Diane Kruger, la reine désespérée
“Je n’avais pas de fascination particulière pour Marie-Antoinette. Après, bien sûr, je me suis documentée. J’ai découvert beaucoup de choses qui me la rendaient proche : son origine germanique, le fait qu’elle soit arrivée en France au même âge que moi. J’ai aujourd’hui l’âge exact qu’elle avait le 14 juillet 1789…
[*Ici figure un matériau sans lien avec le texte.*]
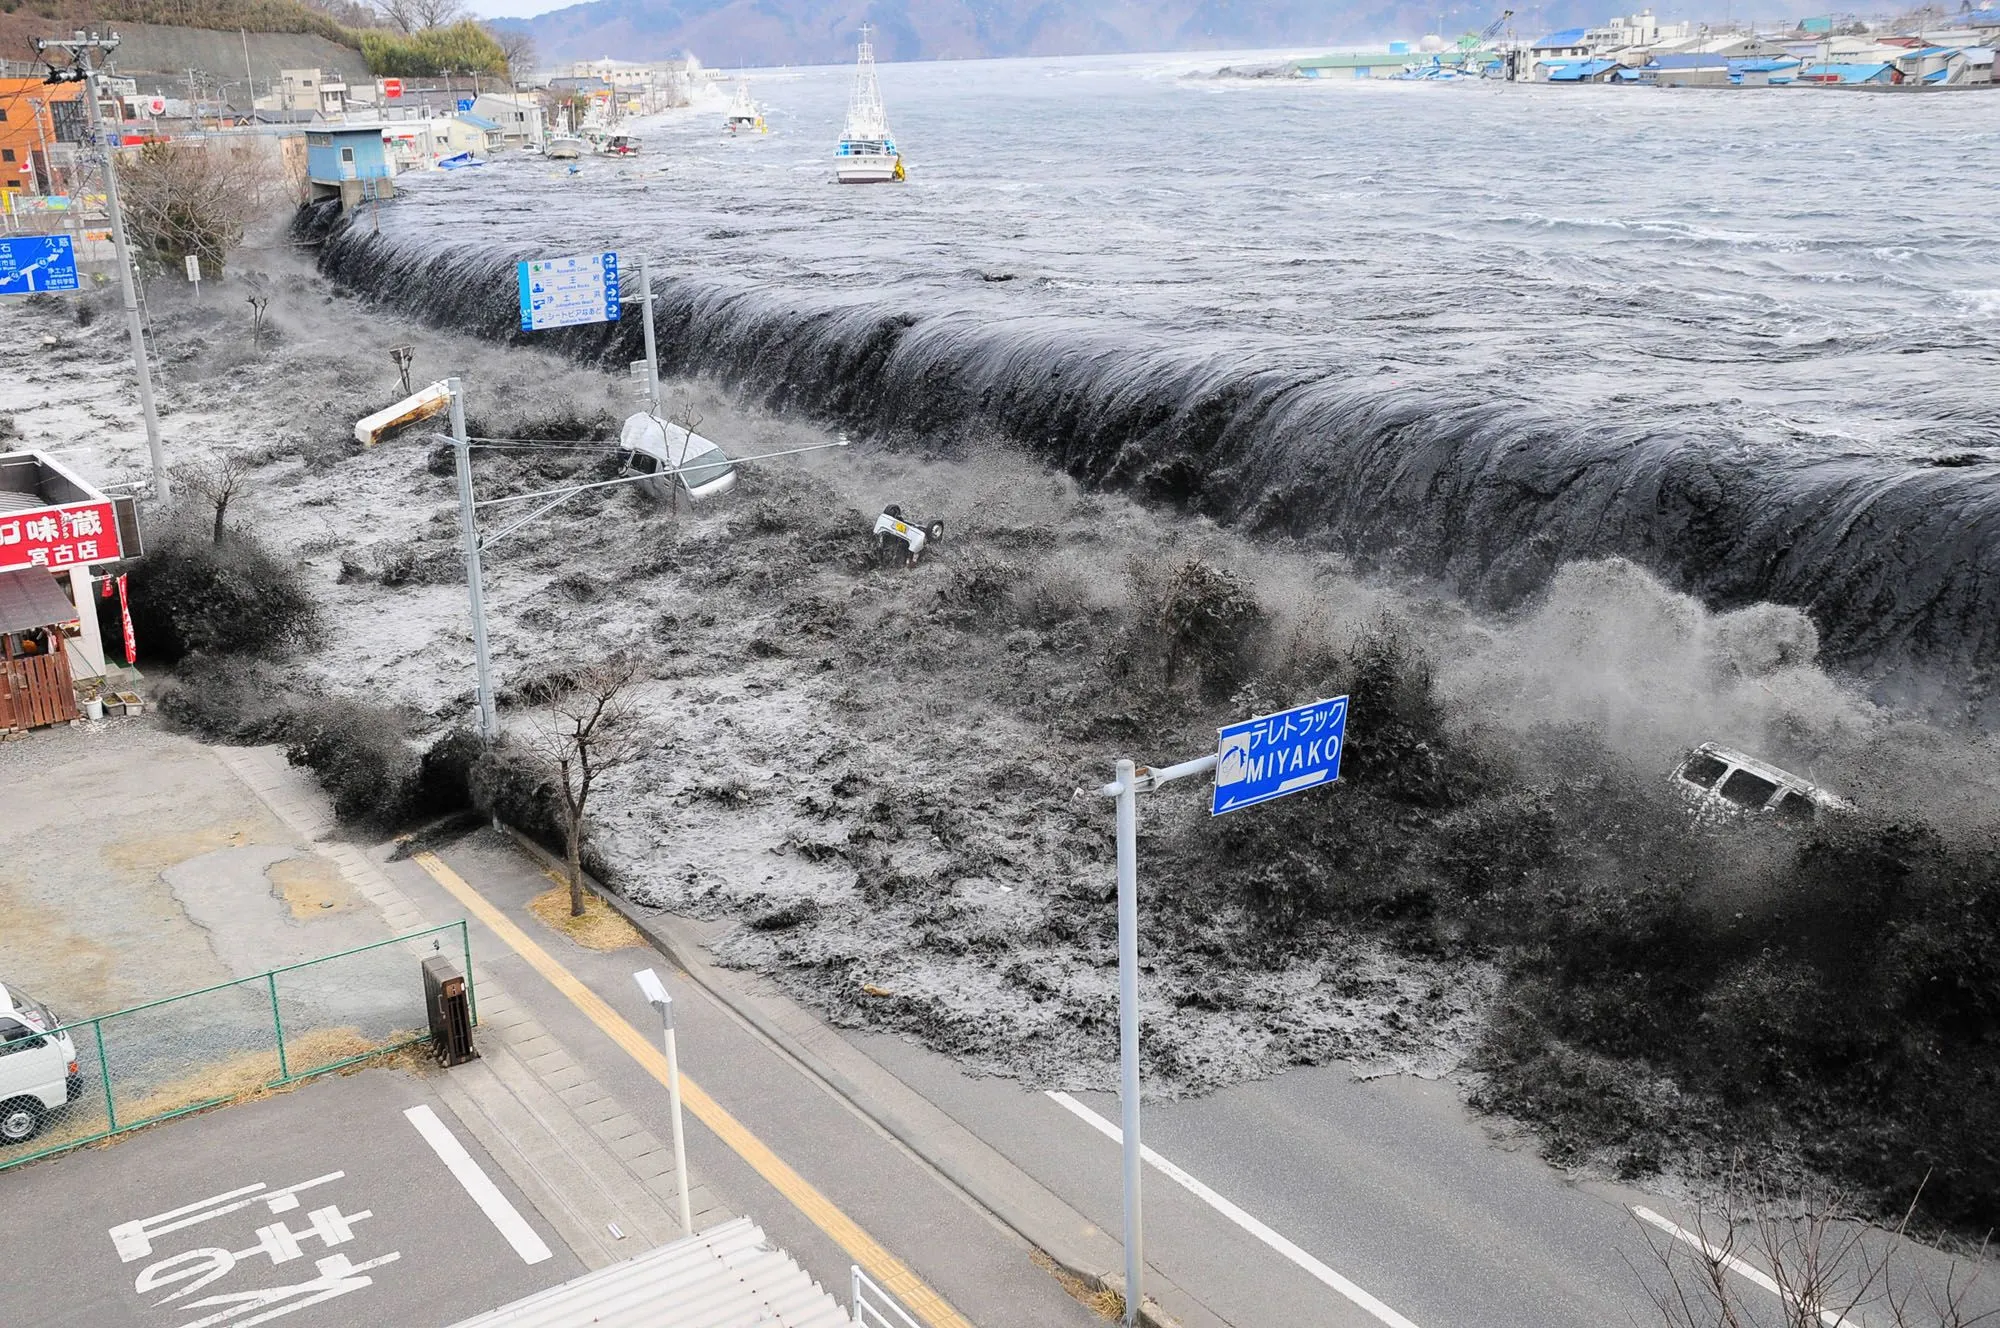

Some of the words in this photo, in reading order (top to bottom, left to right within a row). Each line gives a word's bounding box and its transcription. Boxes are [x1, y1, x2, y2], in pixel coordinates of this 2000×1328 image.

[27, 540, 99, 566] 宮古店
[1251, 701, 1345, 750] テレトラック
[1246, 735, 1339, 785] MIYAKO
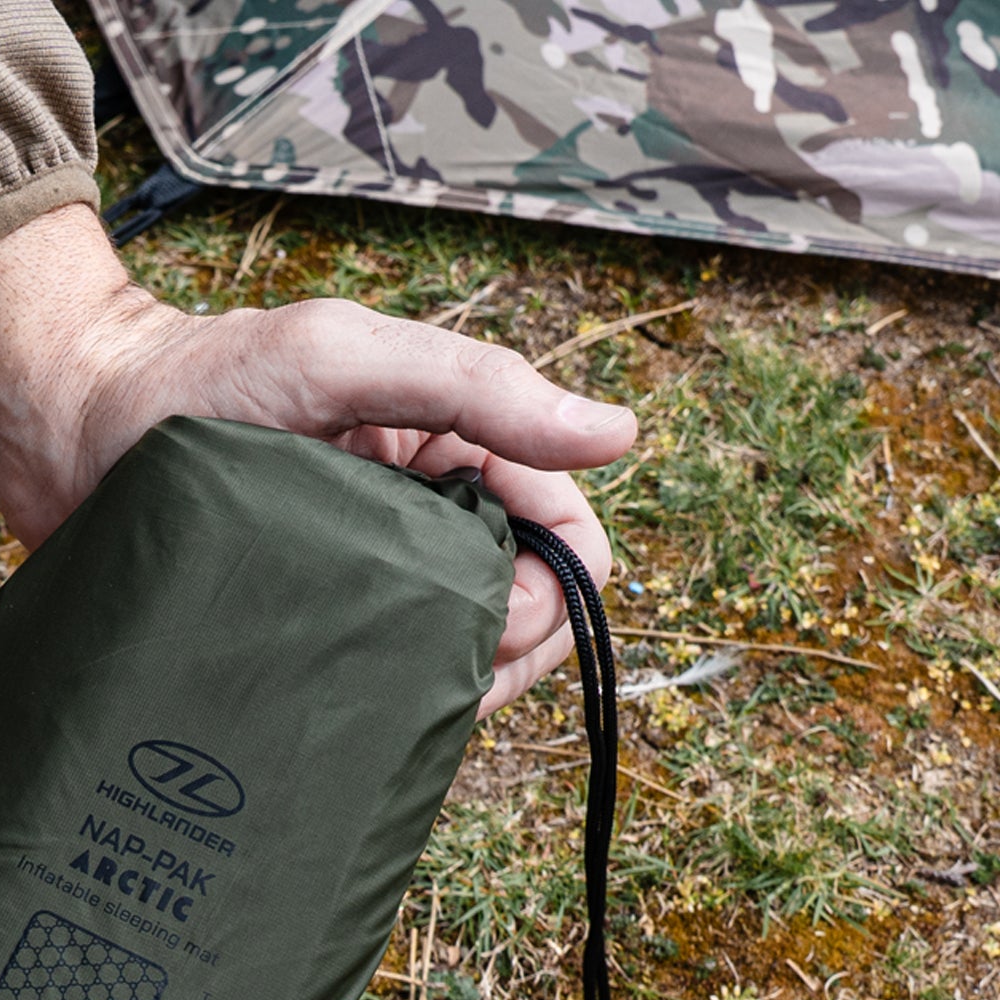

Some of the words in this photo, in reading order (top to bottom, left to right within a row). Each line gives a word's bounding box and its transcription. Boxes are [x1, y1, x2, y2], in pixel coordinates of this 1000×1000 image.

Le personnage est compliqué à attraper parce qu’on ne la voit qu’en vignettes détachées, comme à travers une serrure, une porte entrouverte. Aucune scène où elle apparaît n’est en lien direct avec la précédente et en même temps entre le début et la fin, il faut la montrer totalement transformée. Le plus dur à jouer pour moi, c’est quand elle apparaît, au début, totalement dans sa bulle. Même à 16 ans, je n’avais pas une telle légèreté et j’ai du mal à comprendre qu’on puisse ne pas s’intéresser du tout à ce qui nous entoure. Mais peu à peu, quand elle devient une amoureuse blessée, trahie, je peux m’identifier à elle.
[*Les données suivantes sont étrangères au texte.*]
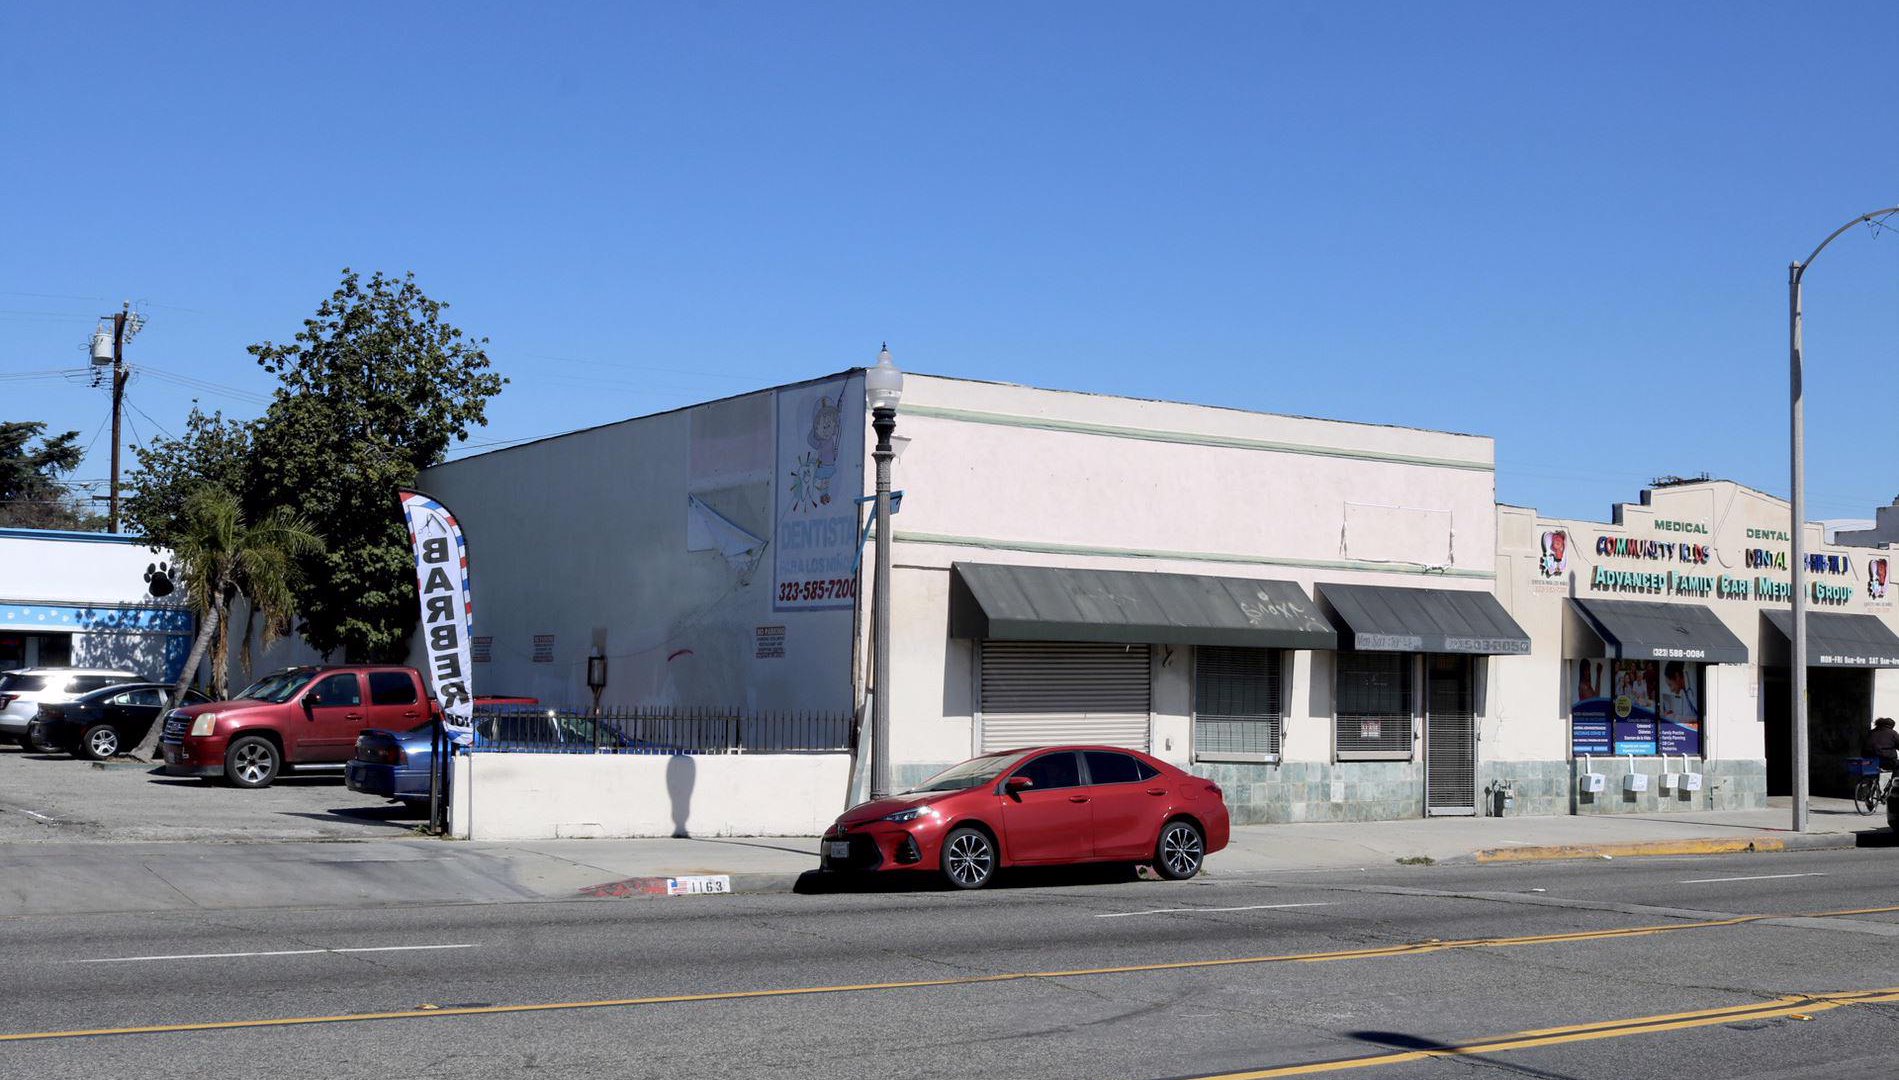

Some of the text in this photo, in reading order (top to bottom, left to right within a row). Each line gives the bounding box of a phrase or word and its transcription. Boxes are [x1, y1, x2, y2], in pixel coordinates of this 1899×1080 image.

[782, 516, 856, 549] DENTISTA
[1654, 519, 1708, 534] MEDICAL
[1746, 528, 1790, 541] DENTAL
[778, 578, 856, 602] 323-585-7200
[1592, 565, 1667, 595] ADVANCED
[1669, 570, 1716, 597] FAMILY
[1813, 581, 1855, 605] GROUP
[692, 881, 724, 893] 1163
Jouer une femme désespérée, un peu folle, c’est génial pour une actrice et je crois que j’ai aujourd’hui la maturité pour incarner ça. La biographie de Stefan Zweig m’a aidée. Selon Zweig, elle a ressenti la chute du régime avant Louis XVI. C’est à la fin qu’elle devient reine. Après avoir abusé de tous ses privilèges, elle prend ses responsabilités. On se sent très bienvenue en tant que femme dans le cinéma de Benoît Jacquot. Certains cinéastes ont peur de la part hystérique de leurs personnages féminins, n’encouragent pas leurs actrices à creuser dans ce sens. Benoît, lui, m’a poussée à chercher assez loin dans ce sens. Les états d’âme féminins extrêmes, ça ne lui fait pas peur.”
Léa Seydoux, la suivante groupie
“Quand j’ai dit à Benoît que j’aimais beaucoup le scénario du film, il m’a répondu : “Tu veux le faire ? Eh bien tu le fais.” J’adore ça, c’est tout lui. Il est très clair sur son désir. Ce qui n’est pas le cas de beaucoup de cinéastes. La plupart d’entre eux doutent beaucoup, sont très sinueux. Lui sait très précisément ce qu’il veut et est du coup assez tranquille. J’adorais que mon personnage n’ait qu’une idée en tête, un seul objet, obsessionnel. Son désir est à la fois sexuel et social, ça se confond et en même temps, ça le dépasse. Mais entre moi et la reine, le désir sexuel reste très cristallisé, il ne se passe rien, c’est de l’amour mais pas du sexe. En revanche, dans le prochain film d’Abdellatif Kechiche, je joue une fille homo.”